A China, por sua vez, disputa a hegemonia mundial não por via militar, mesmo aliada à Rússia, mas pela via econômica com seus grandes projetos como a Rota da Seda. Neste campo está ultrapassando os USA e alcançaria a hegemonia mundial até com um certo ideal ético, o de criar “uma comunidade de destino comum participado por toda a humanidade, com sociedades suficientemente abastecidas”.
Mas não quero prolongar esta perspectiva bélica, verdadeiramente insana a ponto de ser suicidaria. Mas esse confronto de potências revela a inconsciência dos atores em tela acerca dos reais riscos que pesam sobre o planeta que, mesmo sem as armas nucleares, poderão pôr em risco a vida humana. Seja dito que todos os arsenais de armas de destruição em massa se mostraram totalmente inúteis e ridículas face a um pequeniníssimo vírus como o Covid-19.

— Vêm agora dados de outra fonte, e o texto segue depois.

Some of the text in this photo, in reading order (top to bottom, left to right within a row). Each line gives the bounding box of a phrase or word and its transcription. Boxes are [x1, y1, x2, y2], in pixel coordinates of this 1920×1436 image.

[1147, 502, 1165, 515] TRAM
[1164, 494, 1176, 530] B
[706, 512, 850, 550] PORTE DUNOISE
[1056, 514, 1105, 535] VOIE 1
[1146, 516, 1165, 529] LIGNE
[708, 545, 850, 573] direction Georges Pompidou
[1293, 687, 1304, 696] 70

Essa guerra revela que os responsáveis pelo destino humano não aprenderam a lição básica do Covid-19.Ele não respeitou as soberanias e os limites nacionais. Atingiu o planeta inteiro. A epidemia pede a instauração de uma governança global face a um problema global. O desafio vai além das fronteiras nacionais, é construir a Casa Comum.

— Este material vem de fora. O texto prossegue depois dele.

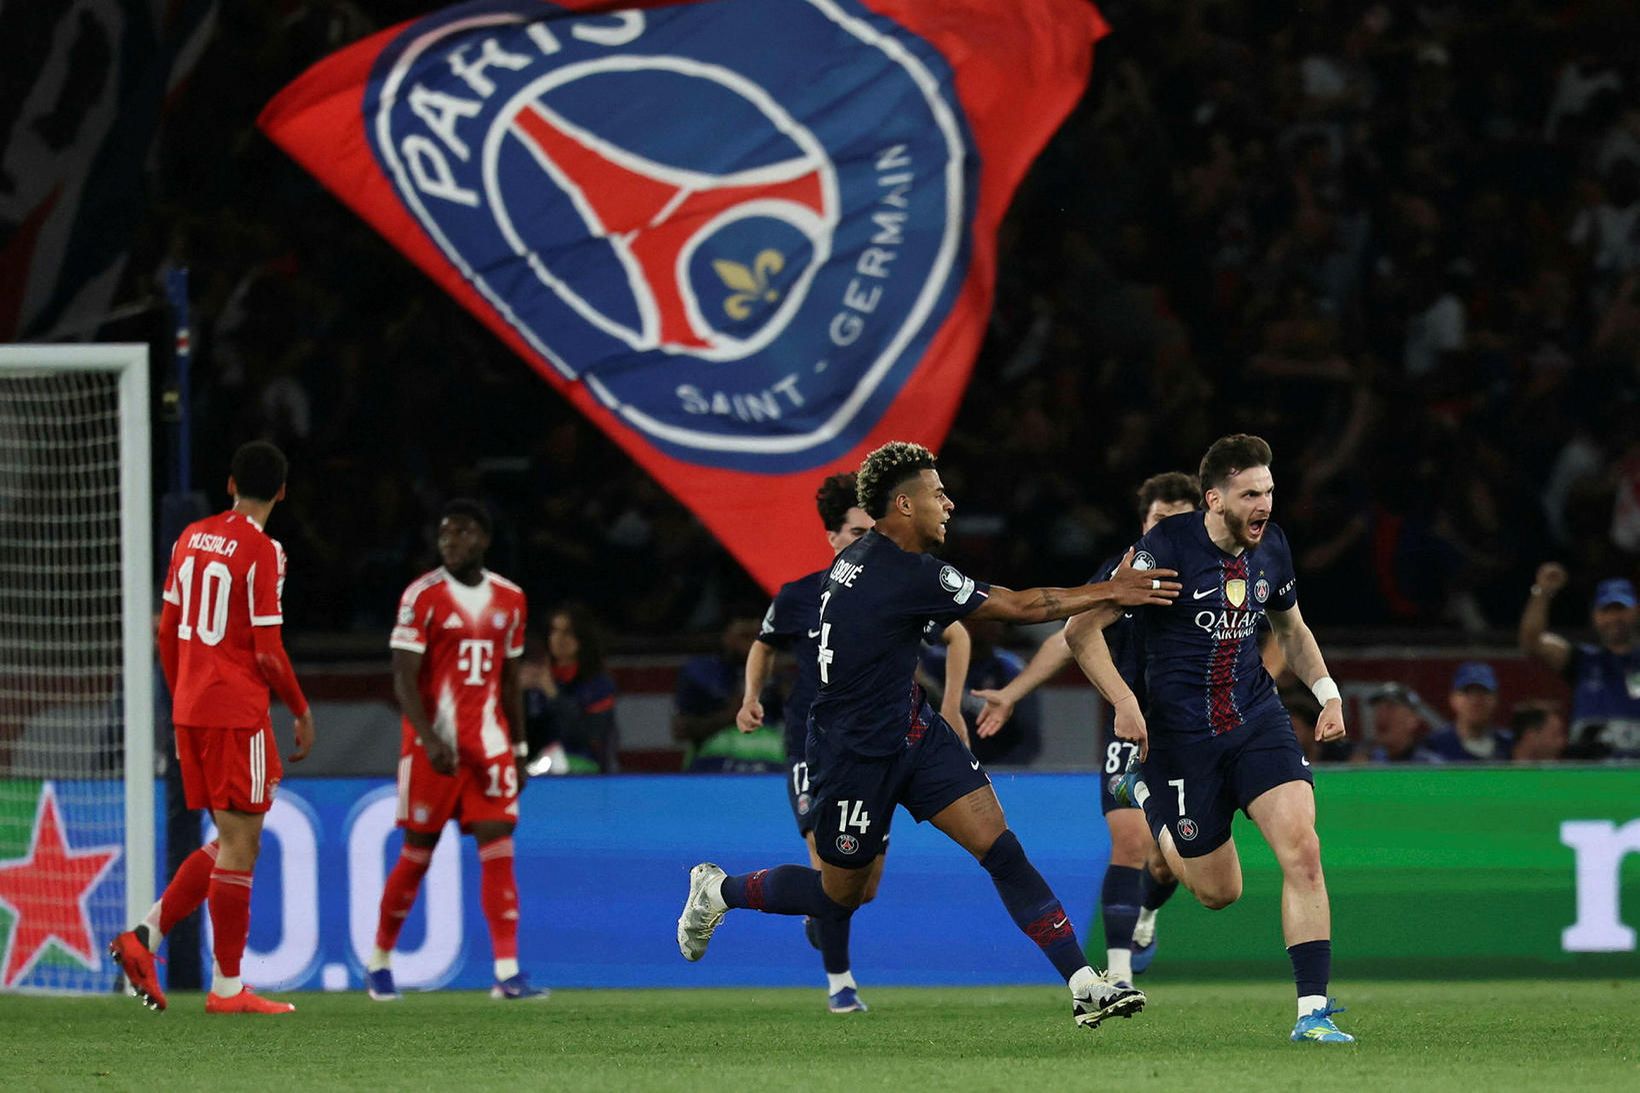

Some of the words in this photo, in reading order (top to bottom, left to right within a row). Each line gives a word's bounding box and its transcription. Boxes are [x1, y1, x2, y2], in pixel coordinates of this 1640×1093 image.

[676, 373, 804, 422] SAINT
[829, 144, 914, 346] GERMAIN
[178, 555, 232, 646] 10
[458, 639, 494, 686] T
[1105, 741, 1139, 774] 87
[486, 764, 518, 798] 19
[1168, 778, 1186, 816] 7
[837, 800, 871, 834] 14

Não se deram conta de que o grande problema é o aquecimento global. Já estamos dentro dele, pois, os eventos fatais de inundações de regiões inteiras, tufões e escassez de água doce, são visíveis. Temos somente 9 anos para evitar uma situação de não retorno. Se até 2030 atingirmos 1,5 graus Celsus de calor, seremos incapazes de controlá-lo e vamos na direção de um colapso do sistema-Terra e dos sistema-vida.
Encostamos nos limites de sustentabilidade da Terra. Os dados da Sobrecarga da Terra (Earth Overshoot) apontam que no dia 22 de setembro de 2020 esgotaram-se os recursos não renováveis, necessários para a vida. O consumismo que persiste, cobra da Terra o que ela já não pode dar. Em resposta, ela nos envia vírus letais, aumenta o aquecimento, desestabiliza os climas e dizima milhares de seres vivos.

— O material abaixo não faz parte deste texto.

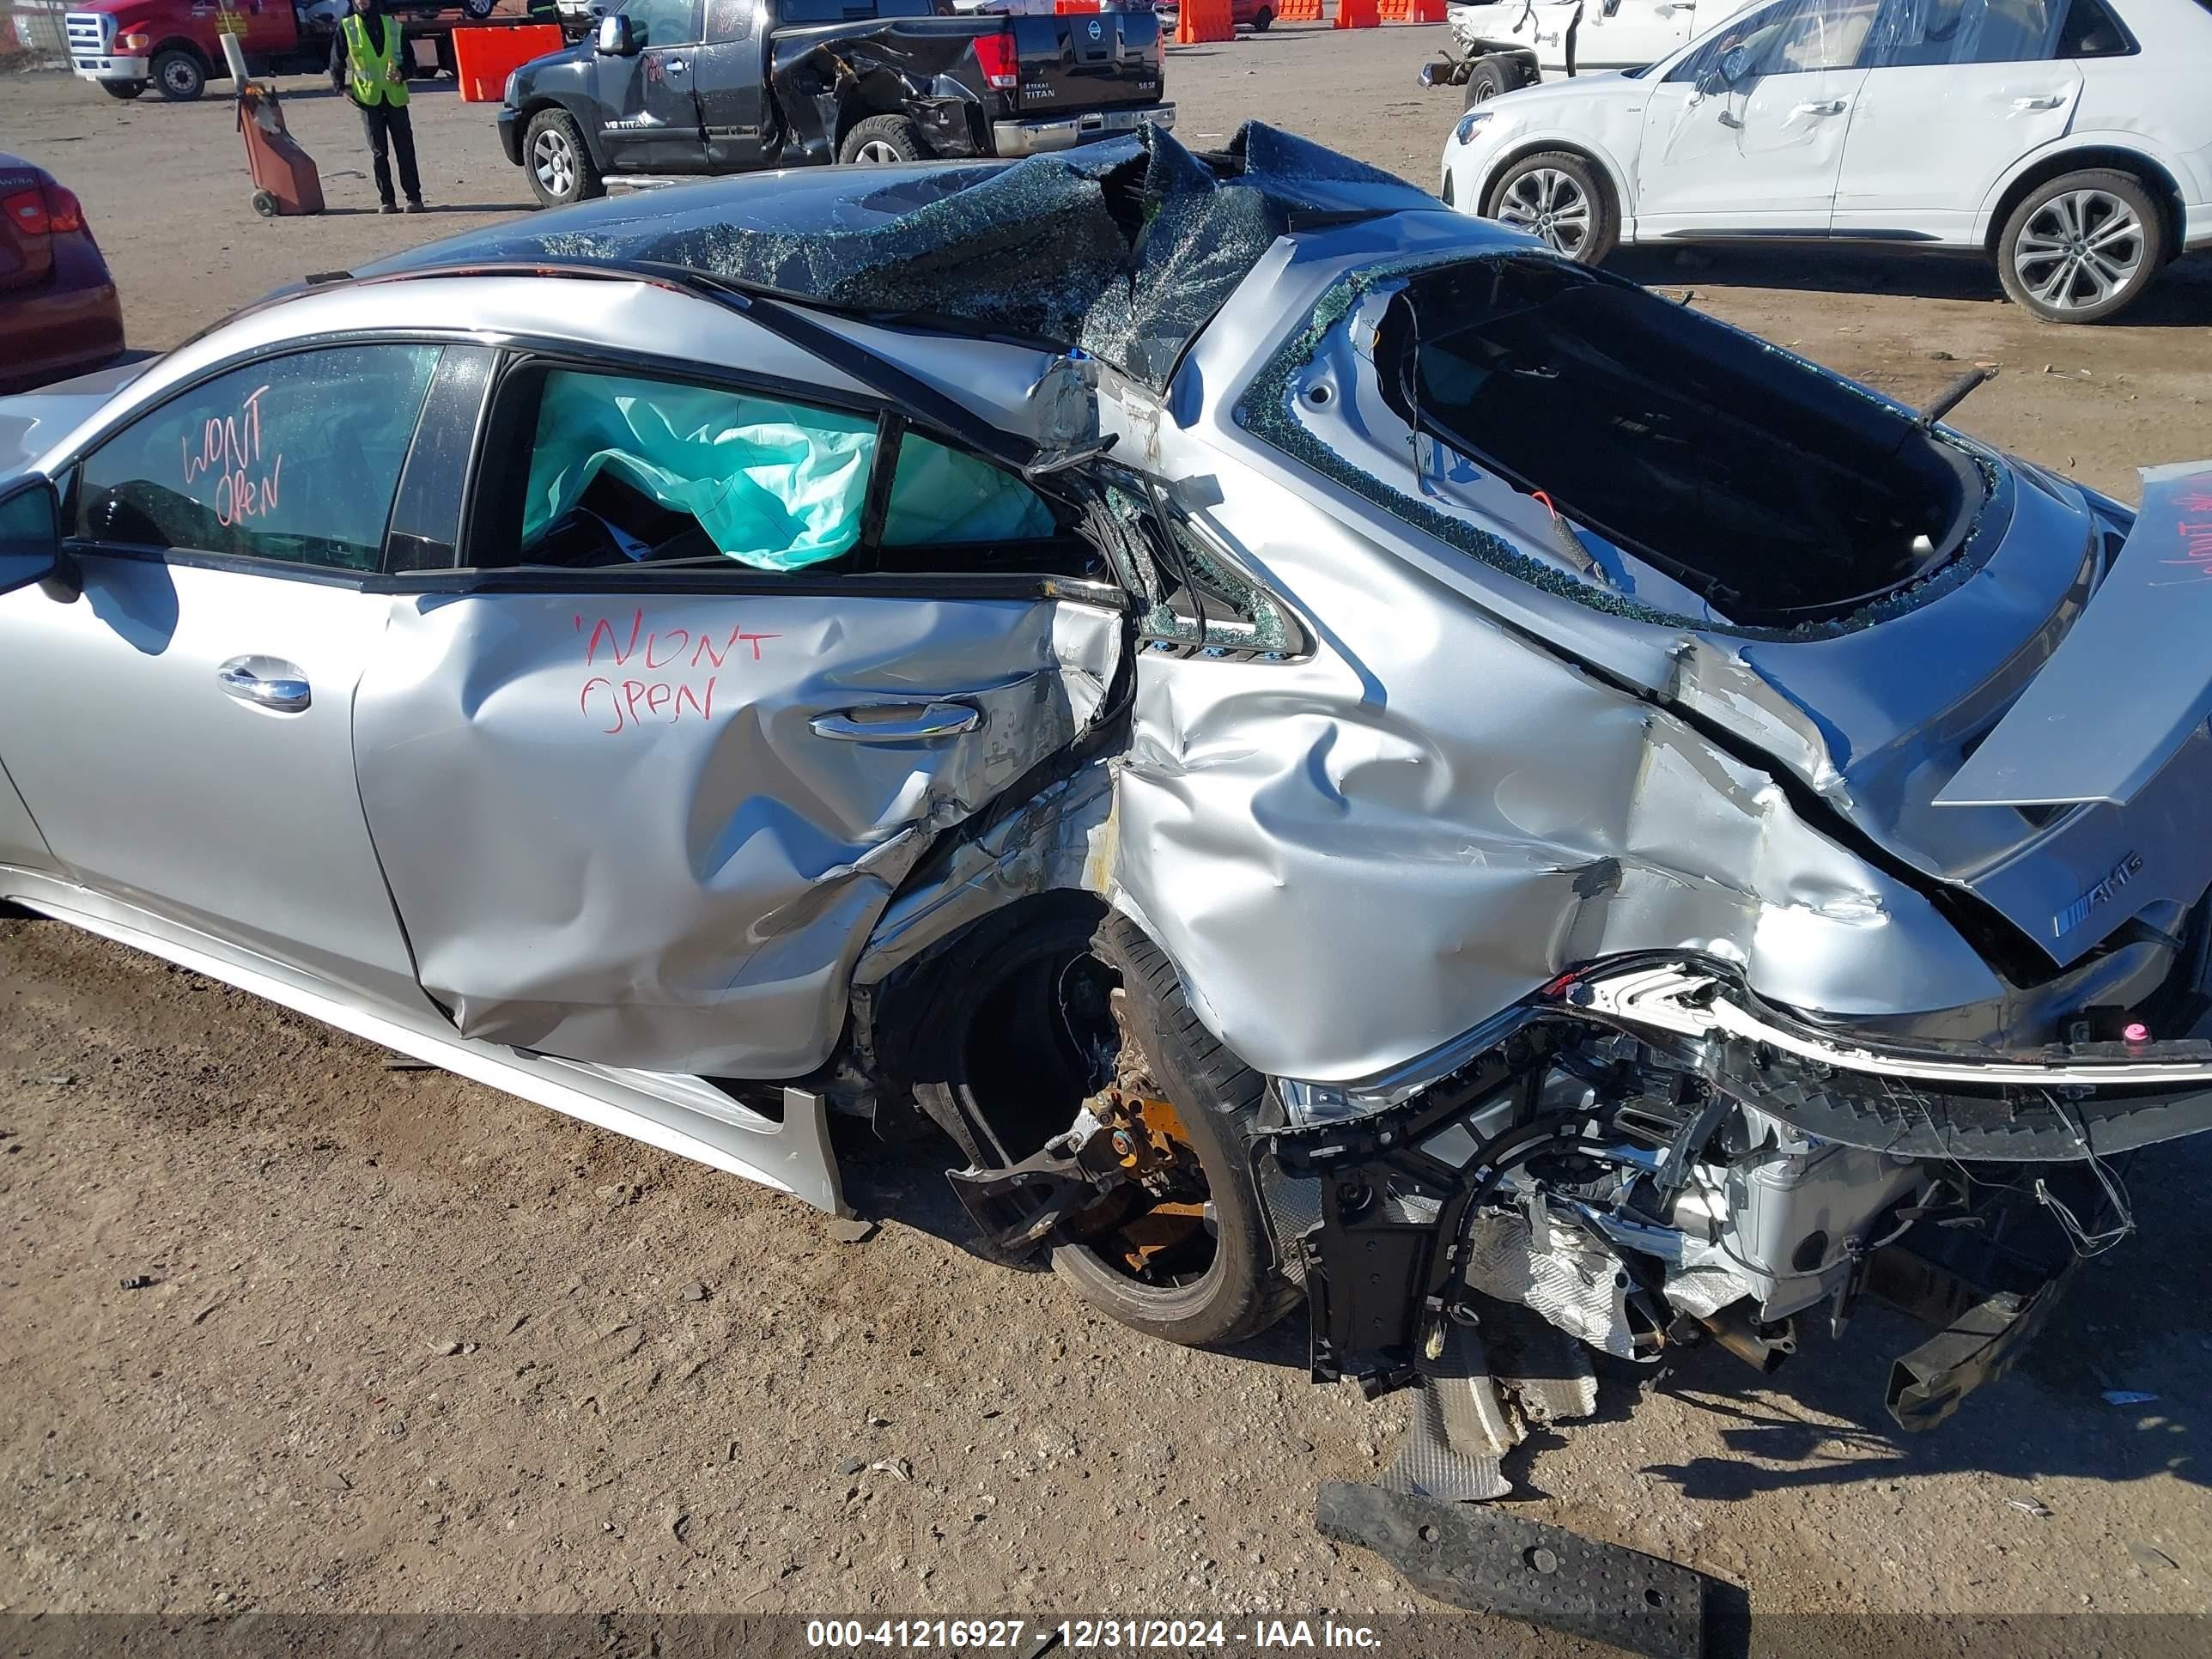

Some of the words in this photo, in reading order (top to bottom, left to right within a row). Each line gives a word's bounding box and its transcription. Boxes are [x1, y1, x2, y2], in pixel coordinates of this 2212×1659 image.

[1024, 88, 1055, 100] TITAN
[619, 120, 649, 129] TITAN
[182, 385, 270, 484] WONT

A superpopulação associada a uma nefasta desigualdade social com a grande maioria da humanidade vivendo na pobreza e na miséria, quando 1% dela controla 90% da riqueza e dos bens e serviços essenciais, podem conduzir a conflitos com incontáveis vítimas e à devastação de ecossistemas inteiros.
Estes são os problemas, entre outros, que deveriam preocupar os chefes de estado, os CEOs das grandes corporações e os cidadãos, pois eles diretamente colocam em risco o futuro de toda a humanidade. Face a esse risco global é ridícula uma guerra por zonas de influência e de soberanias já obsoletas.
O que nos causa esperança são aqueles “Noés” anônimos que vicejam em todas as partes, a partir de baixo, construindo suas arcas salvadoras mediante uma produção que respeita os limites da natureza, por uma agroecologia, por comunidades solidárias, por democracias sócio ecológicas participativas, trabalhando a partir dos próprios territórios.
Eles possuem a força da semente do novo e com uma nova mente (a Terra como Gaia) e com um novo coração (laço de afetivo e de cuidado para com a natureza) garantem um novo futuro com a consciência de uma responsabilidade universal e uma interdependência global. A guerra deles é contra a fome e a produção da morte e sua luta é por justiça para todos, promoção da vida e defesa dos mais fracos e desvalidos. Isso é o que deve ser. E o que deve ser, tem intrinsecamente uma força invencível.
*Leonardo Boff é eco-teólogo e filósofo. Autor, entre outros livros de Habitar a Terra: qual o caminho para a fraternidade universal? (Vozes).